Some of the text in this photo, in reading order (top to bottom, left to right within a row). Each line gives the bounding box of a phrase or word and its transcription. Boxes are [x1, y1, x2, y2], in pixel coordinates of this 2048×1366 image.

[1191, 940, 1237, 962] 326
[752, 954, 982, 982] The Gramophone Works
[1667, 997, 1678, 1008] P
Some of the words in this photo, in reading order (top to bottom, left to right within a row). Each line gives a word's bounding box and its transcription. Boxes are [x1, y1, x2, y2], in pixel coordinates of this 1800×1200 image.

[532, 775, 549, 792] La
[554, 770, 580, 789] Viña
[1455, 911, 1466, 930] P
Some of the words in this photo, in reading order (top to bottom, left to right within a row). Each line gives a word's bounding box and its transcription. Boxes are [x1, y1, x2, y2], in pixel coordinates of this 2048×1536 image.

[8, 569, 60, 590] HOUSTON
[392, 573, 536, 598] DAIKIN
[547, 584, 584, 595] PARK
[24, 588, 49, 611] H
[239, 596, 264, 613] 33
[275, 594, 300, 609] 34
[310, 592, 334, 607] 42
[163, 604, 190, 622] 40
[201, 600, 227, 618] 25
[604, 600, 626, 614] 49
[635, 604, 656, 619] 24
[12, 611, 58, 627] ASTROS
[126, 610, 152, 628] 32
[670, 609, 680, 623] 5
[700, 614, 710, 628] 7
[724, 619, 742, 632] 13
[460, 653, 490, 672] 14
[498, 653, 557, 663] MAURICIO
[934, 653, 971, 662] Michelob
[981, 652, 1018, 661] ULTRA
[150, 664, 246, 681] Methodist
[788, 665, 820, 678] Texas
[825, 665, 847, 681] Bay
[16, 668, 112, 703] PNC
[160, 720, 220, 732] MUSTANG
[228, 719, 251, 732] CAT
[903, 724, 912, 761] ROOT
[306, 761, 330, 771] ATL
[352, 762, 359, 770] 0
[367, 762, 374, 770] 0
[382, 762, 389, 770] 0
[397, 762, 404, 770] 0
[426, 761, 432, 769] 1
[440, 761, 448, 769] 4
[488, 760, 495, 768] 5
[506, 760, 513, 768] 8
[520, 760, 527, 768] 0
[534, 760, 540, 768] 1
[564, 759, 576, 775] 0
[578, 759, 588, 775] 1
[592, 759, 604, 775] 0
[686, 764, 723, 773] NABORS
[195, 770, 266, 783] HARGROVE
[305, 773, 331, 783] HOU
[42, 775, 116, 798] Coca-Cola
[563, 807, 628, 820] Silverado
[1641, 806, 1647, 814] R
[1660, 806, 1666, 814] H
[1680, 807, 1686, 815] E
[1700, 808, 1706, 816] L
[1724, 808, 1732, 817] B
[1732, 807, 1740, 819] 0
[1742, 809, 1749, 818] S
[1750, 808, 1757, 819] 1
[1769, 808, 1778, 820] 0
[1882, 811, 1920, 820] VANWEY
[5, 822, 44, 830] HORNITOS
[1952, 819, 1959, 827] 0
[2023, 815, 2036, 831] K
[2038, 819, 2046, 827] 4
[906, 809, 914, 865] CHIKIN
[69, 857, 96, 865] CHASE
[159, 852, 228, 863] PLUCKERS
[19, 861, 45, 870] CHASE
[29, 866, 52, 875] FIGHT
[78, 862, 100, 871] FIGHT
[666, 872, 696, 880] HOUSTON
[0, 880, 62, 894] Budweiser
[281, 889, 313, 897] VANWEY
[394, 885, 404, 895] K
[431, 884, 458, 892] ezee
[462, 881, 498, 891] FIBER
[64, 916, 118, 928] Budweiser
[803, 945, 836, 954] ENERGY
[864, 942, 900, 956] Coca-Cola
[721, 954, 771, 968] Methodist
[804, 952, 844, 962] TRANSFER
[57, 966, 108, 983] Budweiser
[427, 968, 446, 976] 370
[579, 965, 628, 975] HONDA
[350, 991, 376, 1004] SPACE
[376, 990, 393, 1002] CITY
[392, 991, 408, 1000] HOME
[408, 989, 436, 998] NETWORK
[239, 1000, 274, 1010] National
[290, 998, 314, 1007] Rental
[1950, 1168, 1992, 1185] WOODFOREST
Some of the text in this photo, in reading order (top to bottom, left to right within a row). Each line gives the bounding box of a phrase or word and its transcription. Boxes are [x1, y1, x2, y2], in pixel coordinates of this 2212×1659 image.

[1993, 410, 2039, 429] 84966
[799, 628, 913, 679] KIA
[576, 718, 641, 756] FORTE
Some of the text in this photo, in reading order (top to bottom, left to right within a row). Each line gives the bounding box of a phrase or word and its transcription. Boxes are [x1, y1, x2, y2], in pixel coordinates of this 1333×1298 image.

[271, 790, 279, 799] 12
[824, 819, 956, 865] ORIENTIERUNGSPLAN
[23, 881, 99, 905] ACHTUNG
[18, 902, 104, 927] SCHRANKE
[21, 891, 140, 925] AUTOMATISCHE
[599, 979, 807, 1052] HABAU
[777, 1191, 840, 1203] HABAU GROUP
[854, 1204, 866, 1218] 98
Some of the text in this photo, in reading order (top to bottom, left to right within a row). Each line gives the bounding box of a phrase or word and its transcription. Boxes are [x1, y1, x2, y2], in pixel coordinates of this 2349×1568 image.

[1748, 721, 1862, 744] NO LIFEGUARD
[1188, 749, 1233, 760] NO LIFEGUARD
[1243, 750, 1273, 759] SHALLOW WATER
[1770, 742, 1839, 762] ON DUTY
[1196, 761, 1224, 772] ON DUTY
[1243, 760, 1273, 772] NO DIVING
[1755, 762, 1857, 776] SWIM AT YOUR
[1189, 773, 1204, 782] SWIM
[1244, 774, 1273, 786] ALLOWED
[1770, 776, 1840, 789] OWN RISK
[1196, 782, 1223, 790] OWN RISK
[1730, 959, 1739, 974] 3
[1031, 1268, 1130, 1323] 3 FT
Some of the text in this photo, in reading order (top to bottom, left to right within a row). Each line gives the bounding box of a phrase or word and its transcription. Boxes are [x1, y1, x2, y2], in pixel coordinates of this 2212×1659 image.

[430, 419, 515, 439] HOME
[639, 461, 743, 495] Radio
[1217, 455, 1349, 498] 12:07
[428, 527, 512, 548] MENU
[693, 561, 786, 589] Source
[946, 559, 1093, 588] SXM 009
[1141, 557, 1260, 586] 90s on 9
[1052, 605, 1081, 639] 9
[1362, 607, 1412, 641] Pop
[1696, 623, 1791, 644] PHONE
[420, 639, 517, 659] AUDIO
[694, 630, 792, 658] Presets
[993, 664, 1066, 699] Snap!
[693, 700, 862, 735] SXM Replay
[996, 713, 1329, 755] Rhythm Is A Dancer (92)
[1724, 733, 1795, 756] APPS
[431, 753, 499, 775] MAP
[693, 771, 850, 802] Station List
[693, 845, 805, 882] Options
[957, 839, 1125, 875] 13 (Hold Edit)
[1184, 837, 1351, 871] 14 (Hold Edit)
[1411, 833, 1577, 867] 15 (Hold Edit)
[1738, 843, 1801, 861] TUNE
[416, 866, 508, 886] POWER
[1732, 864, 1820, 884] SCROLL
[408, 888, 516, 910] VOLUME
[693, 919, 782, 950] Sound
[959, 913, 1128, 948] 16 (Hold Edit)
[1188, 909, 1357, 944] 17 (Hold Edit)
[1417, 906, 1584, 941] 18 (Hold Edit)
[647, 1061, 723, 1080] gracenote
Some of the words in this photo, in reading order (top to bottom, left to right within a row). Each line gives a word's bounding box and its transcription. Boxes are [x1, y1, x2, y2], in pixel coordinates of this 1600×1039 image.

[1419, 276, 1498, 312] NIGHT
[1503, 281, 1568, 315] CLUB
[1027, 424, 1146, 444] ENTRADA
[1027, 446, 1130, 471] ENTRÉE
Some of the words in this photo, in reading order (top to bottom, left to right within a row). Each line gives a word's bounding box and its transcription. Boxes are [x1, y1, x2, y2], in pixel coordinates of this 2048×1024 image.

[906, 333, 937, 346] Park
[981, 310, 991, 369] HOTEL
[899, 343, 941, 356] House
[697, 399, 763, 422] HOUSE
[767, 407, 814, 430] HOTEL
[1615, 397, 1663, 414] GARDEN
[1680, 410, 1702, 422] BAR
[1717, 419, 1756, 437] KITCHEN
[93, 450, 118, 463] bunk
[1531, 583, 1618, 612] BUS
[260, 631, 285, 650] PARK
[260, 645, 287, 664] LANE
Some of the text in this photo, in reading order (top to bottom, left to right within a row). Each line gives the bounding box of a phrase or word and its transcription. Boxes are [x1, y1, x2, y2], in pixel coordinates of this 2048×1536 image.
....
■ **Aim of the exercise**:
Taking the line containing "this 2048×1024 image." as the first, please return it and every line after it through the end of the entries, exactly and only those.

■ **Answer space**:
Some of the words in this photo, in reading order (top to bottom, left to right within a row). Each line gives a word's bounding box and its transcription. Boxes are [x1, y1, x2, y2], in pixel coordinates of this 2048×1024 image.

[906, 333, 937, 346] Park
[981, 310, 991, 369] HOTEL
[899, 343, 941, 356] House
[697, 399, 763, 422] HOUSE
[767, 407, 814, 430] HOTEL
[1615, 397, 1663, 414] GARDEN
[1680, 410, 1702, 422] BAR
[1717, 419, 1756, 437] KITCHEN
[93, 450, 118, 463] bunk
[1531, 583, 1618, 612] BUS
[260, 631, 285, 650] PARK
[260, 645, 287, 664] LANE
Some of the text in this photo, in reading order (top to bottom, left to right within a row). Each line gives the bounding box of a phrase or word and its transcription. Boxes are [x1, y1, x2, y2], in pixel coordinates of this 2048×1536 image.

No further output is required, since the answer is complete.